Kedua, Kewirausahaan dapat memperkuat Institut atau universitas itu sendiri dengan sistem pembiayaan yang sustainanble. Hal ini dikarenakan perguruan tinggi  di Indonesia sangat bergantung pada anggaran pemerintah. Misalkan apabila ada hubungan yang kurang harmonis antara pemerintah dan DPR maka akan membuat daftar belanja dan program untuk perguruan tinggi dipennding karena belum disetujui oleh DPR. Apabila hal ini terjadi maka bisa membuat sebuah perguruan tinggi sulit untuk menjalankan aktivitas mereka secara normal. Dalam rangka untuk mengantisipasi hal tersebut dan dalam upaya bahwa dengan meningkatkan sumber pembiayaan maka perguruan tinggi bisa menggali dana dari kegiatan atau bisnis universitas yang tidak melanggar hukum. Misalnya, Indonesia dikenal sebagai negara Muslim terbesar, pada bulan bulan Dzulhijjah misalnya banyak ummat yang berkeinginan untuk pergi haji ke Makah. Untuk permintaan itu, sebuah universitas Islam dapat menawarkan jasa untuk melakukan bimbingan haji dan bisa mengadakan tour and travel untuk penyelenggaraan haji  dan Umroh ke Makah.

Ketiga, Kewirausahaan bisa mengintegrasikan sistem pendidikan Islam dari sistem pendidikan dasar sampai dengan sistem pendidikan yang lebih tinggi. Tidak dapat dipungkiri bila saat ini, sistem pendidikan ekonomi dari sekolah dasar sampai universitas belum terintegrasi.
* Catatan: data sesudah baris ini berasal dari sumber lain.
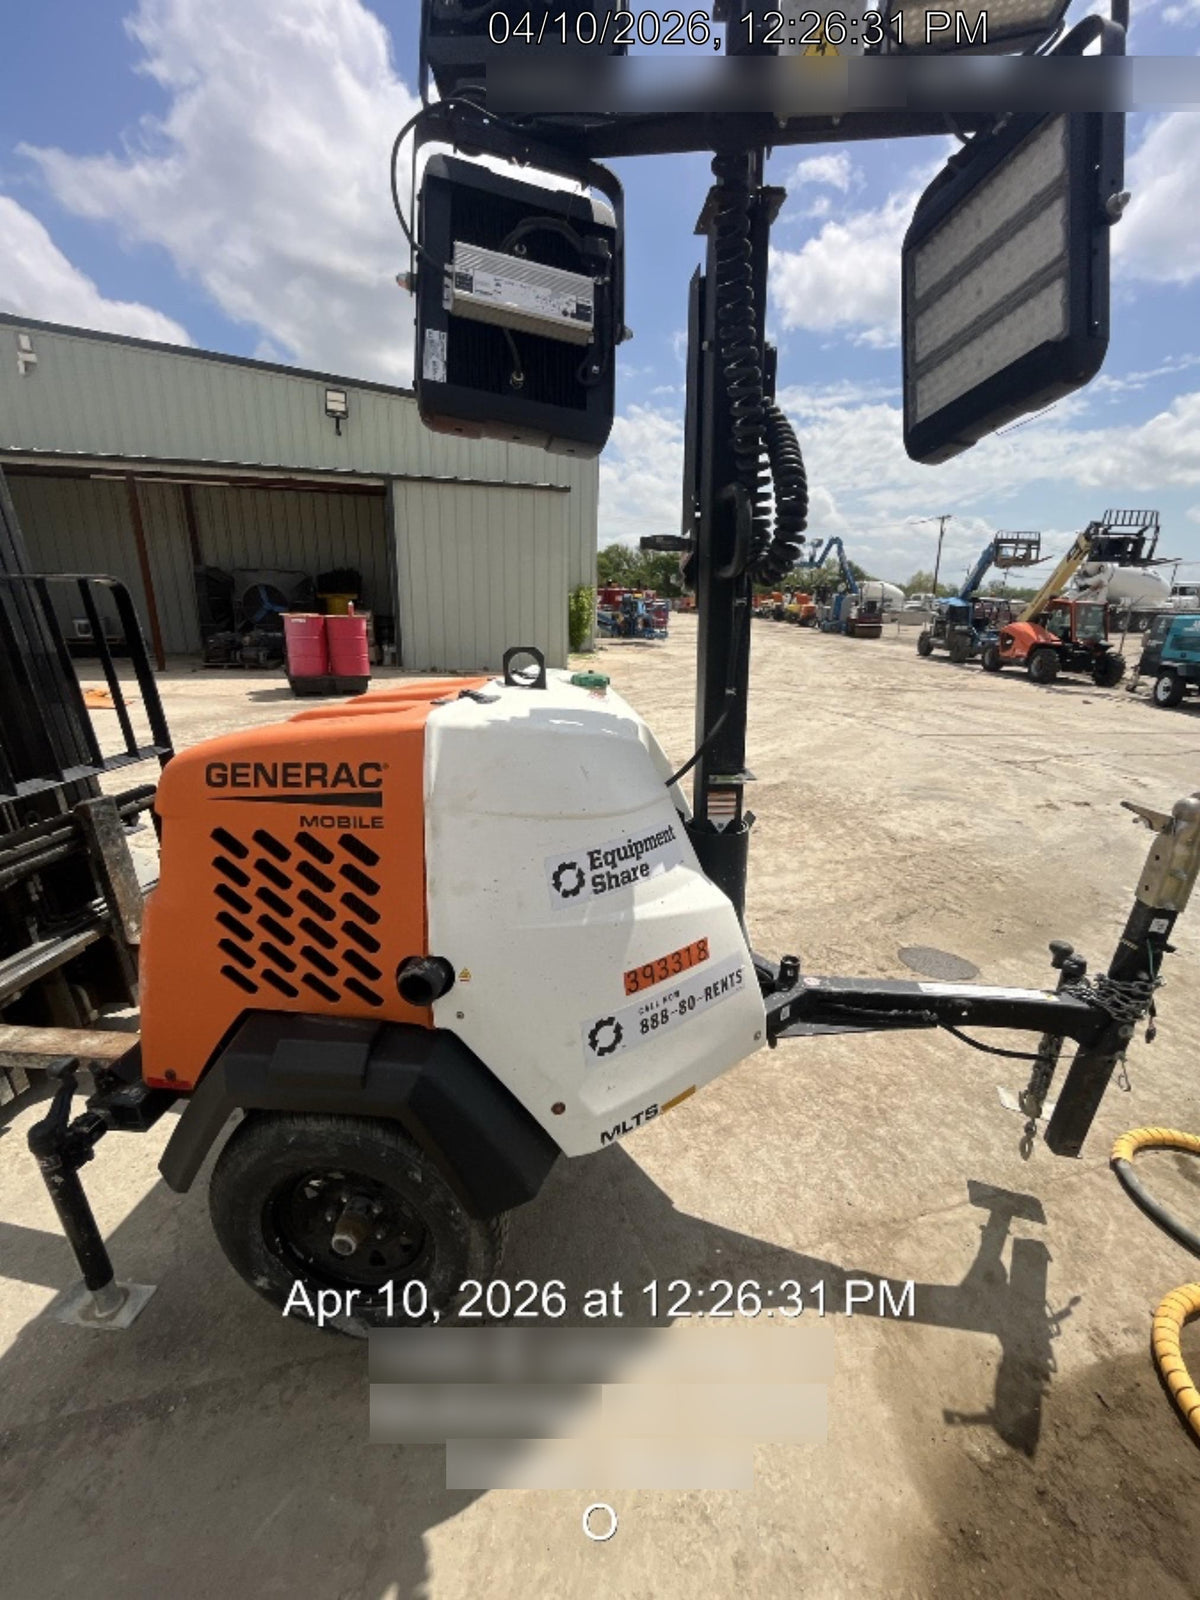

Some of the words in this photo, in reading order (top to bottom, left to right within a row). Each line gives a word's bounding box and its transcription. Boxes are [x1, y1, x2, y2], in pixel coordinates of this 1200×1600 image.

Sistem pengajarannya masih dilakukan secara partial dalam tiap jenjang kependidikan.. Dengan memperkenalkan konsep kewirausahaan di setiap tingkat pendidikan, maka hal itu bisa mengintegrasikan pendidikan ekonomi di semua level dengan merancang dan memasukkan komponen kewirausahaan pada pendidikan ekonomi dari tinggal pendidikan dasar sampai pendidikan tinggi.
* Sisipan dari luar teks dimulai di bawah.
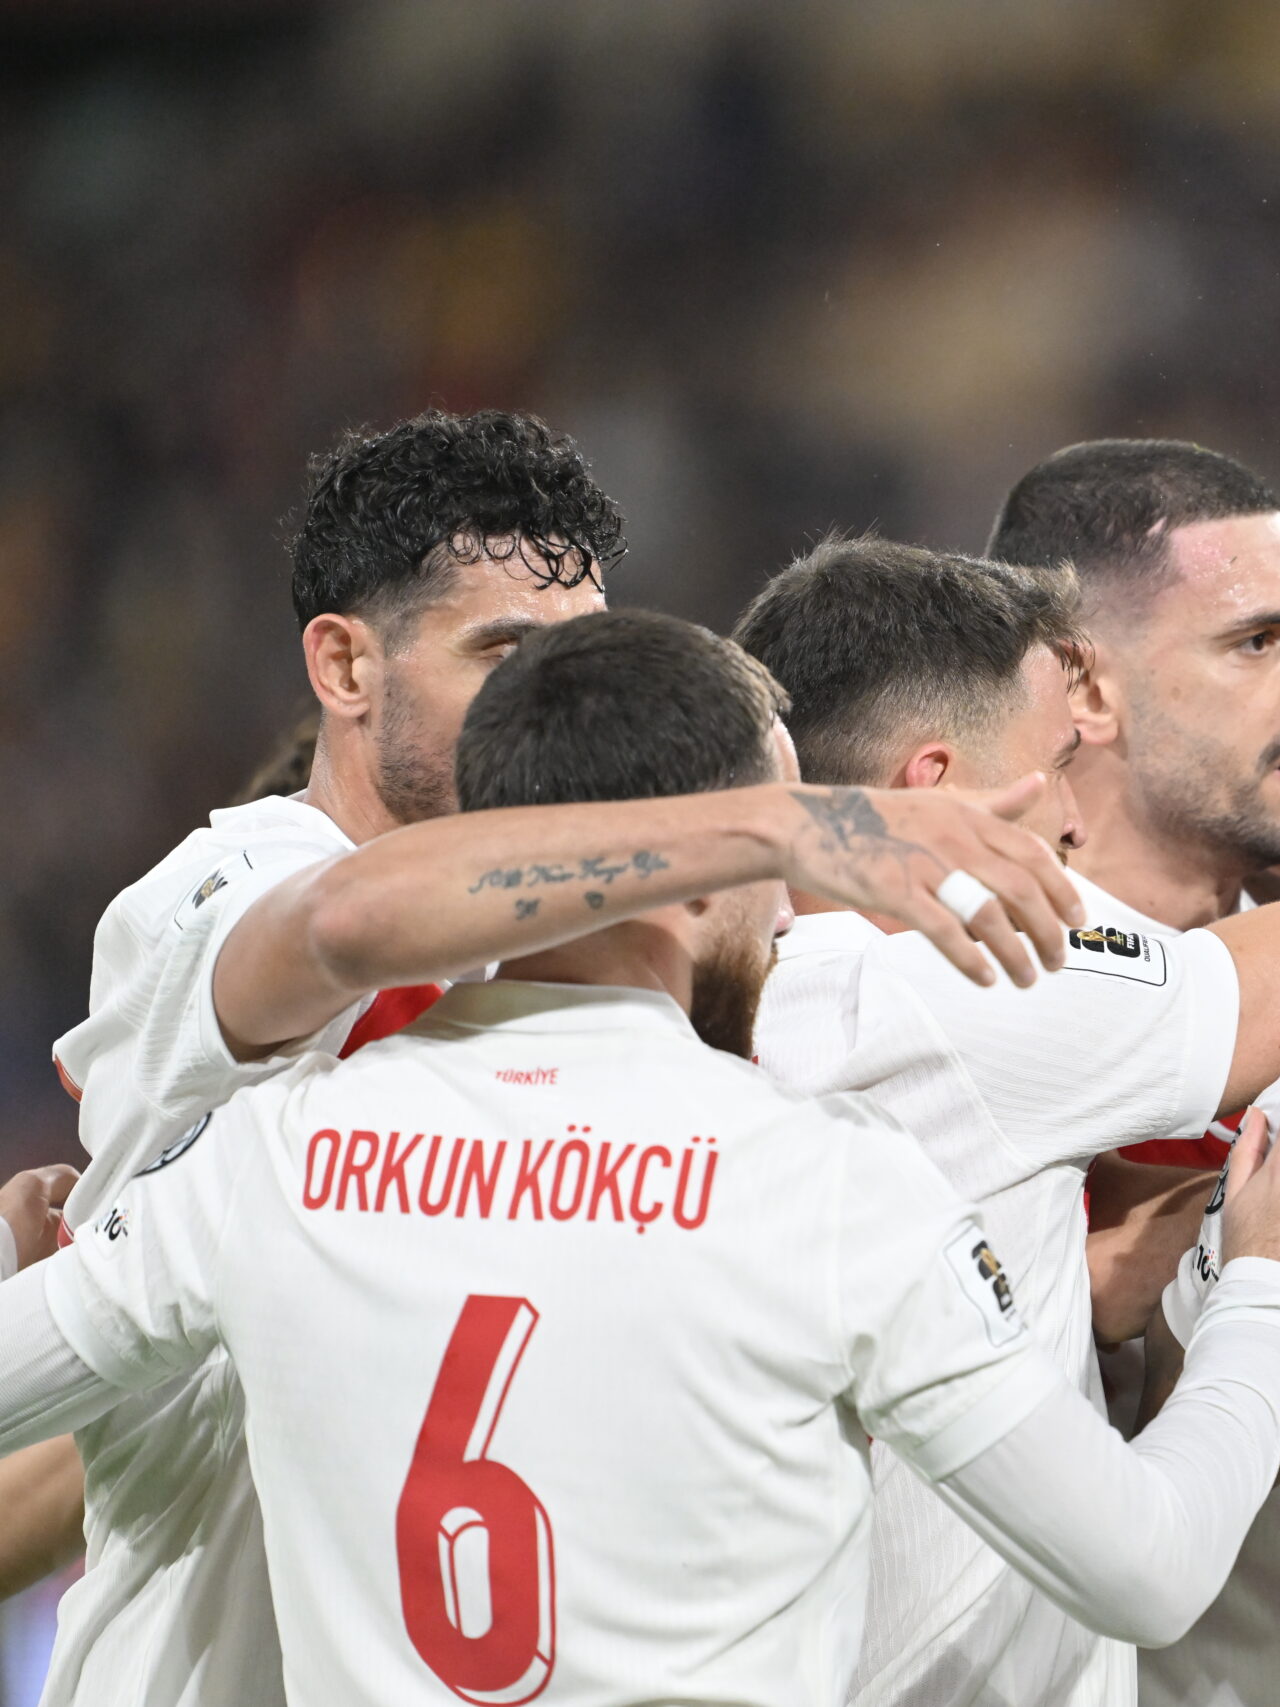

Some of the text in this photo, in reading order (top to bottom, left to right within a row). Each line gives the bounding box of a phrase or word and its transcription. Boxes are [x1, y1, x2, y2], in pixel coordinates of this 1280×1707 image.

[303, 1124, 719, 1235] ORKUN KÖKÇÜ
[395, 1293, 557, 1707] 6
Terakhir, dengan pendidikan Kewirausahaan bisa mengurangi citra negatif pendidikan Tinggi Islam yang mungkin dikenal hanya sebagai penghasil pengkhotbah/ penceramah atau malahan melahirkan kelompok garis keras atau radikan . Dengan enterpreurship, pendidikan tinggi Islam akan dikenal sebagai salah satu sumber dimana pengusaha yang santun didik, karena itu beberapa citra negatif dari radikalisme beragama dapat dikurangi.